Domestic team information
- 1859–1870: Marylebone Cricket Club

= William Parnell (cricketer) =

English cricketer and British Army officer

Lieutenant Colonel William Henry Parnell (7 October 1837 – 4 May 1879) was a British Army officer with the Grenadier Guards and an amateur first-class cricketer who played for the Marylebone Cricket Club in the 1860s.

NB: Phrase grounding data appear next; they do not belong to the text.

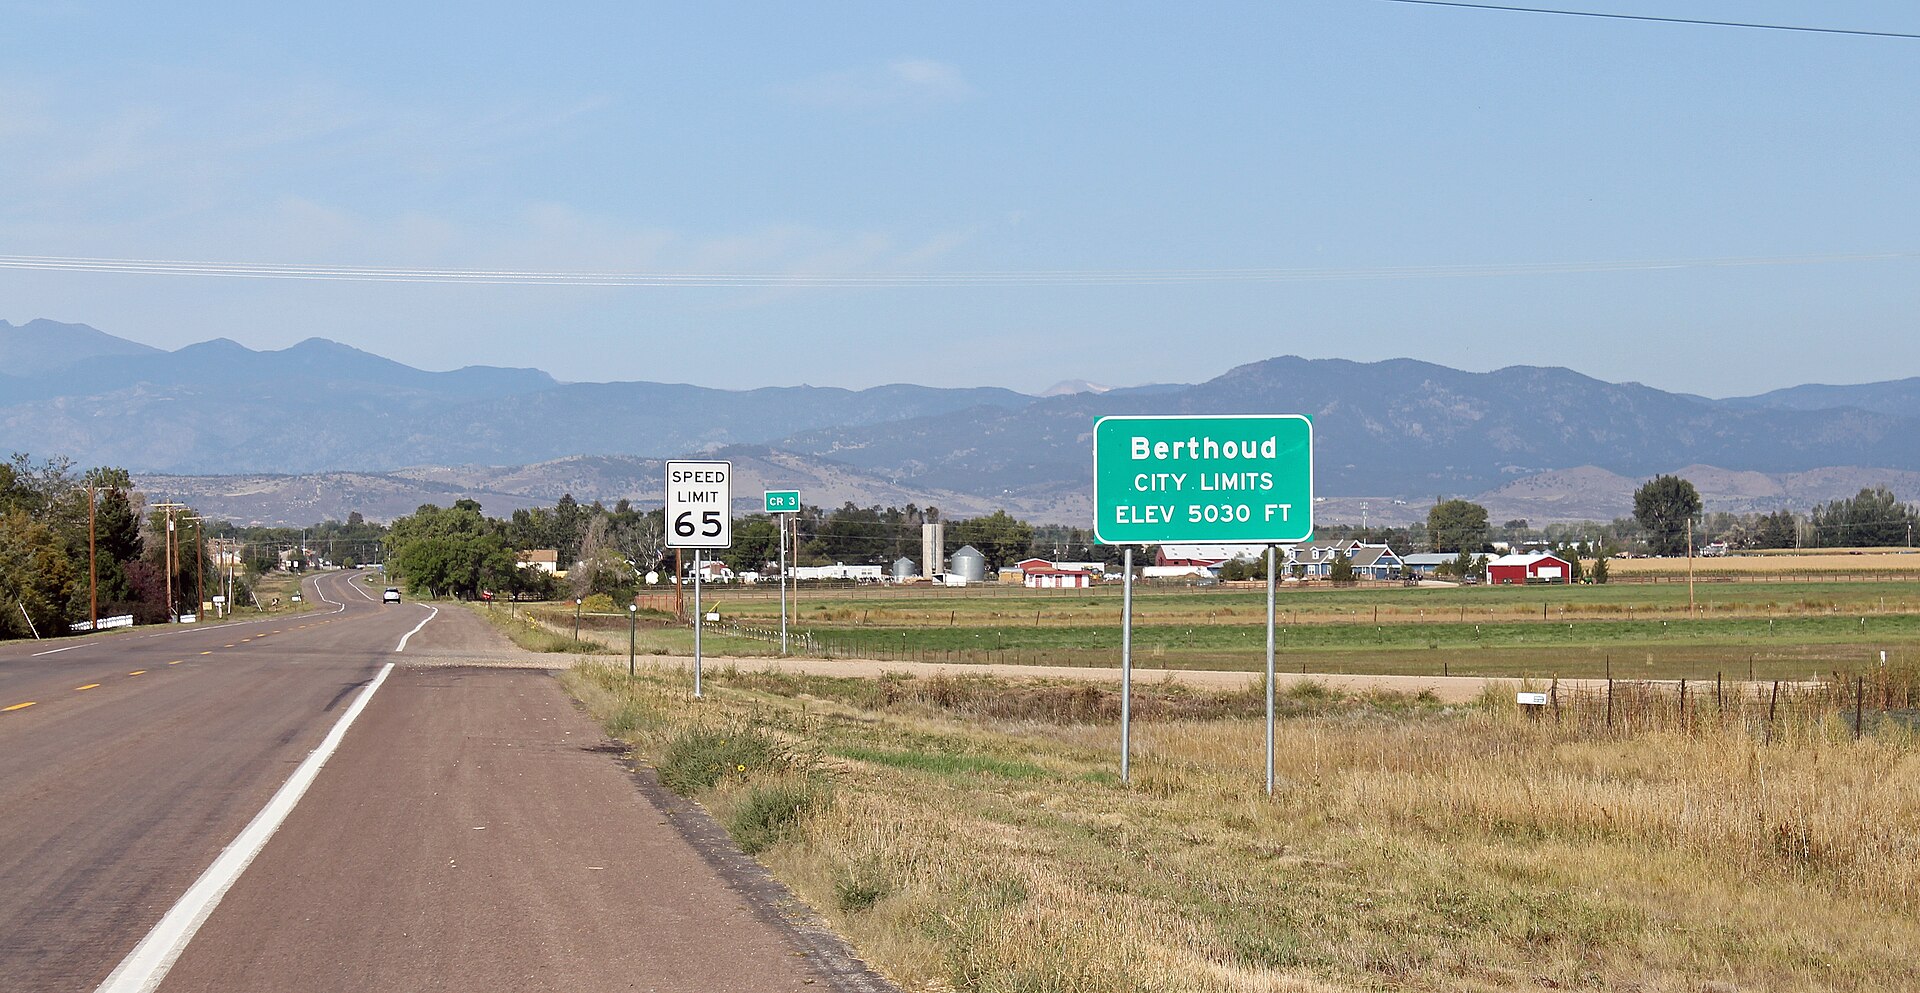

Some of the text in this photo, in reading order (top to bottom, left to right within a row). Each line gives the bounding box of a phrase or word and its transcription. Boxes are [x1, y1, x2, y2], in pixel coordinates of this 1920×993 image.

[1131, 436, 1276, 460] Berthoud
[672, 471, 725, 483] SPEED
[1134, 472, 1274, 492] CITY LIMITS
[677, 491, 719, 503] LIMIT
[769, 496, 796, 506] CR 3
[1116, 504, 1292, 523] ELEV 5030 FT
[674, 510, 722, 537] 65

==Life and military career==
William Henry Parnell was born on 7 October 1837 in Marylebone, London, the eldest son of Henry William Parnell, 3rd Baron Congleton and Sophia (née Bligh). After receiving his education at Rugby School, he joined the British Army at the age of 17, being granted the rank of ensign and lieutenant within the Grenadier Guards on 22 December 1854. Three years later, he purchased commission to lieutenant and captain, while in 1869, he further purchased commission to captain and lieutenant colonel. He died on 4 May 1879, a few hours after being taken ill at his Bury Street home in St James's, London. He was unmarried, and survived by two younger brothers, who were also in the army, Lieutenant Colonel Henry Parnell (later the 4th Baron Congleton) of the 2nd Battalion, and Major Arthur Parnell of the Royal Engineers.

==Cricket==
Parnell made his first appearance in first-class cricket in 1859, playing for the Marylebone Cricket Club (MCC) against Cambridge University at Lord's. Parnell played as a lower-order batsman, scoring three runs. In all, Parnell played seventeen times in first-class cricket between 1859 and 1870, taking thirteen wickets with his fast roundarm bowling. Alongside the MCC, he also played once for I Zingari; all his first-class matches were played in the south-east of England.